(Task instructions): Only the pictures are to be dropped, and the rest of the data should be copied exactly.

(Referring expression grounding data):
=======

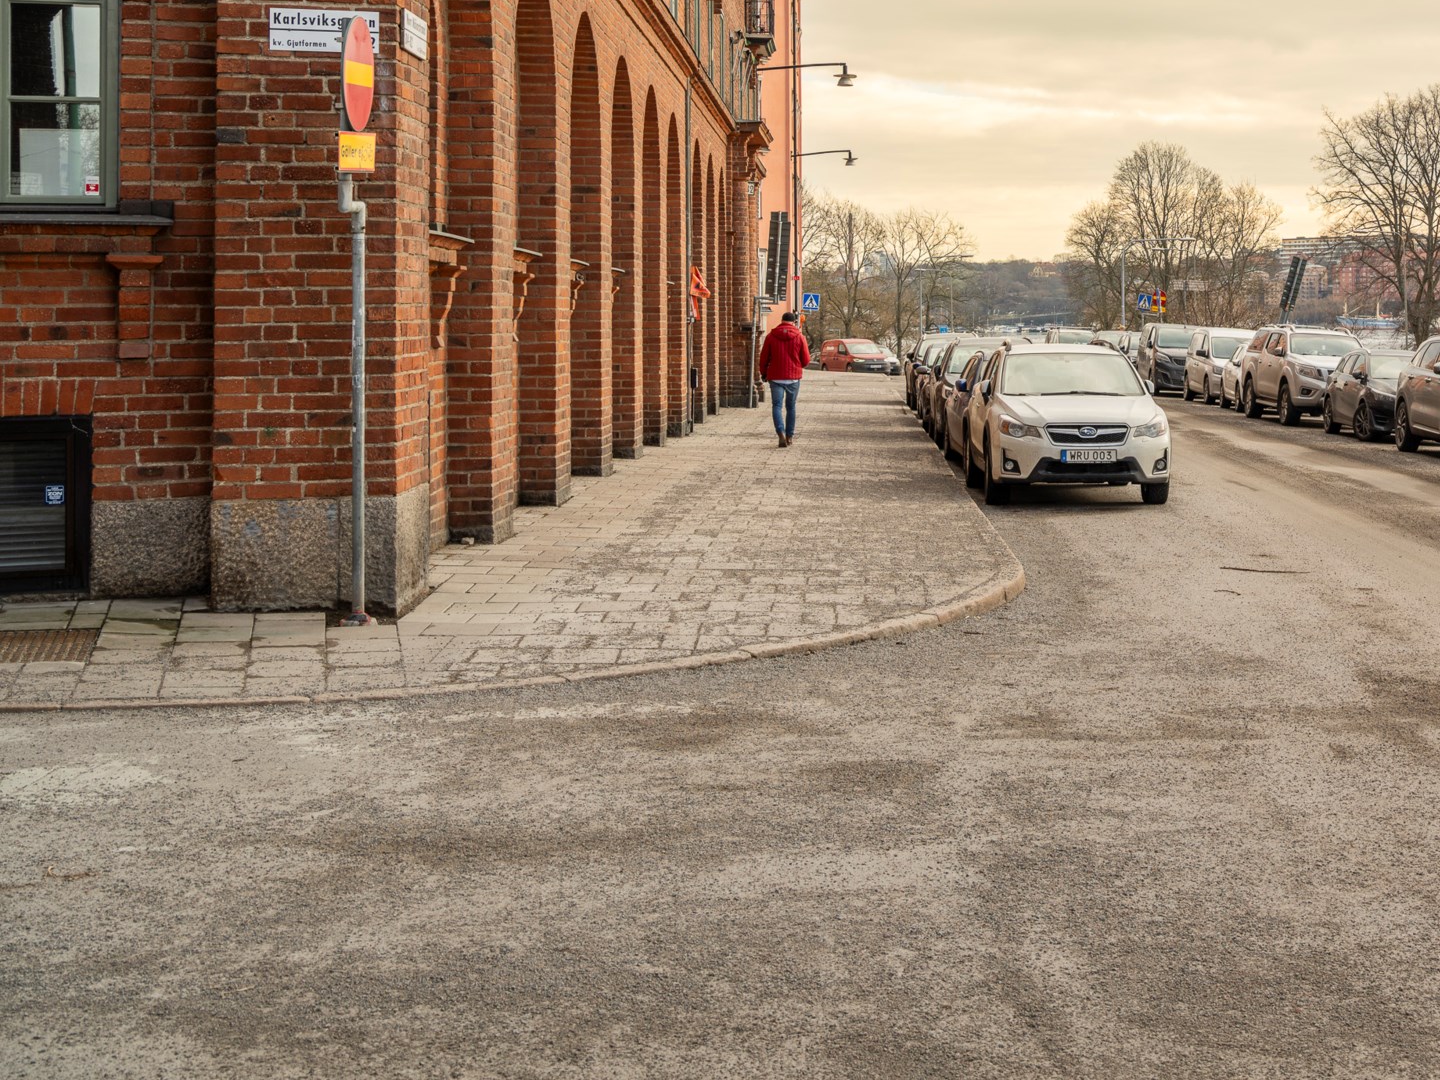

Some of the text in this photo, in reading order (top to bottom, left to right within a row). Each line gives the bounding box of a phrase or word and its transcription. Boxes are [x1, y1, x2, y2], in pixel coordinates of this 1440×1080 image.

[273, 12, 376, 29] Karlsviksgn
[273, 38, 327, 48] kv. Gjutformen
[1070, 451, 1112, 460] WRU 003
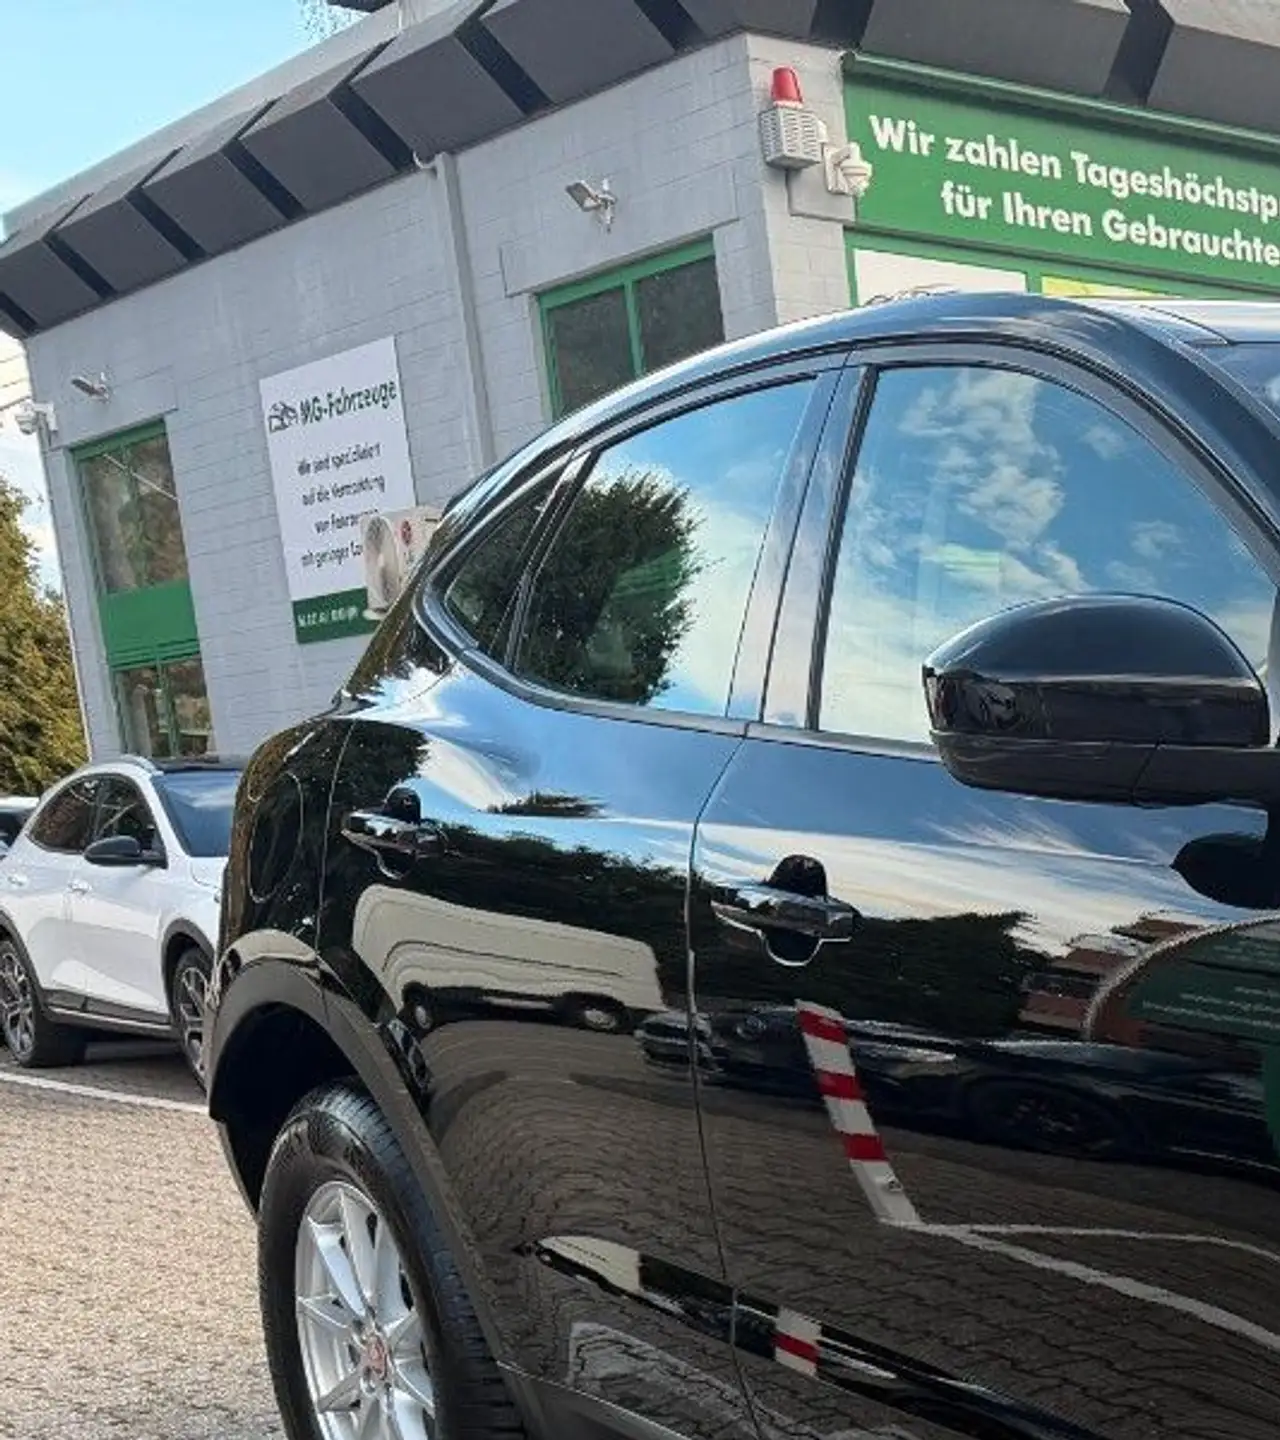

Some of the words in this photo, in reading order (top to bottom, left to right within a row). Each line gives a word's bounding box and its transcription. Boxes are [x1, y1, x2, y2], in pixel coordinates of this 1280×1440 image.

[868, 114, 936, 157] Wir
[944, 133, 1062, 180] zahlen
[940, 179, 993, 220] für
[1002, 191, 1093, 236] Ihren
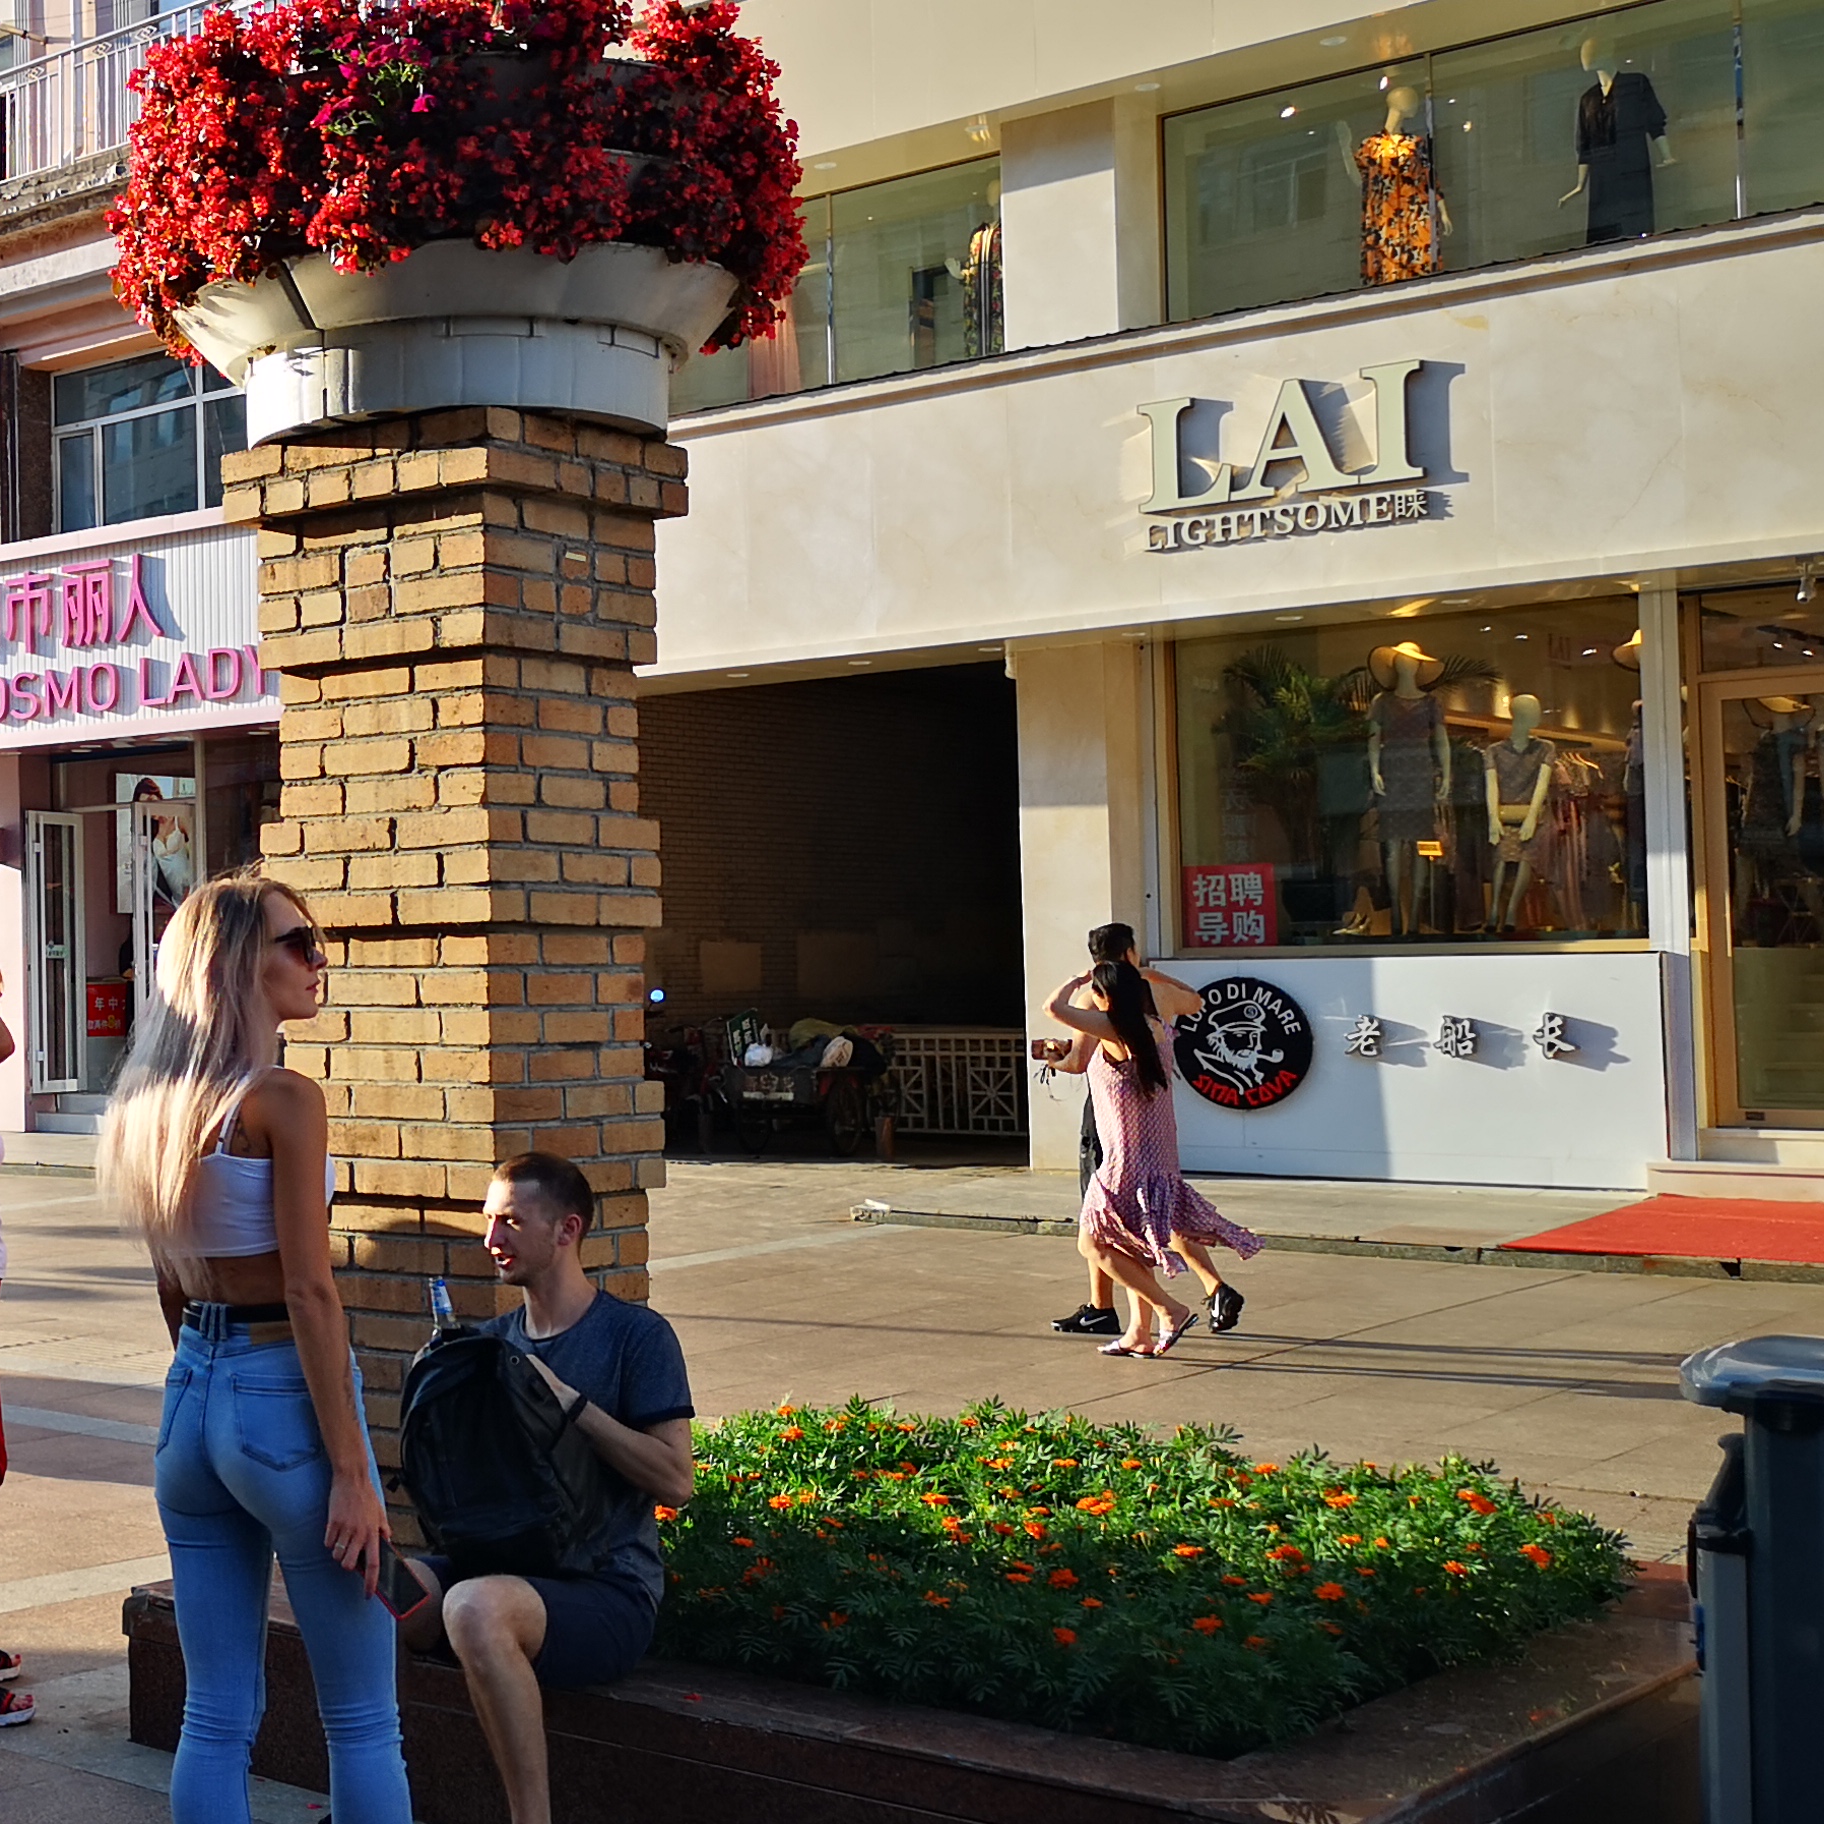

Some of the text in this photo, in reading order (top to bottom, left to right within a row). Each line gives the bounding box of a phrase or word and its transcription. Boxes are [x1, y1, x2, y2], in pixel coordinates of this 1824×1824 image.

[1137, 359, 1424, 514] LAI
[1145, 493, 1391, 551] LIGHTSOME
[1193, 872, 1265, 908] 招聘
[1194, 909, 1266, 945] 导购
[1227, 983, 1246, 999] DI
[1253, 986, 1302, 1035] MARE
[1344, 1011, 1577, 1059] 老船长

=======

(Output of the task):
Some of the text in this photo, in reading order (top to bottom, left to right within a row). Each line gives the bounding box of a phrase or word and its transcription. Boxes are [x1, y1, x2, y2], in pixel coordinates of this 1440×1080 image.

[273, 12, 376, 29] Karlsviksgn
[273, 38, 327, 48] kv. Gjutformen
[1070, 451, 1112, 460] WRU 003

Some of the words in this photo, in reading order (top to bottom, left to right within a row). Each line gives a word's bounding box and its transcription. Boxes are [x1, y1, x2, y2], in pixel coordinates of this 1280×1440 image.

[868, 114, 936, 157] Wir
[944, 133, 1062, 180] zahlen
[940, 179, 993, 220] für
[1002, 191, 1093, 236] Ihren

Some of the text in this photo, in reading order (top to bottom, left to right within a row). Each line gives the bounding box of a phrase or word and its transcription. Boxes are [x1, y1, x2, y2], in pixel coordinates of this 1824×1824 image.

[1137, 359, 1424, 514] LAI
[1145, 493, 1391, 551] LIGHTSOME
[1193, 872, 1265, 908] 招聘
[1194, 909, 1266, 945] 导购
[1227, 983, 1246, 999] DI
[1253, 986, 1302, 1035] MARE
[1344, 1011, 1577, 1059] 老船长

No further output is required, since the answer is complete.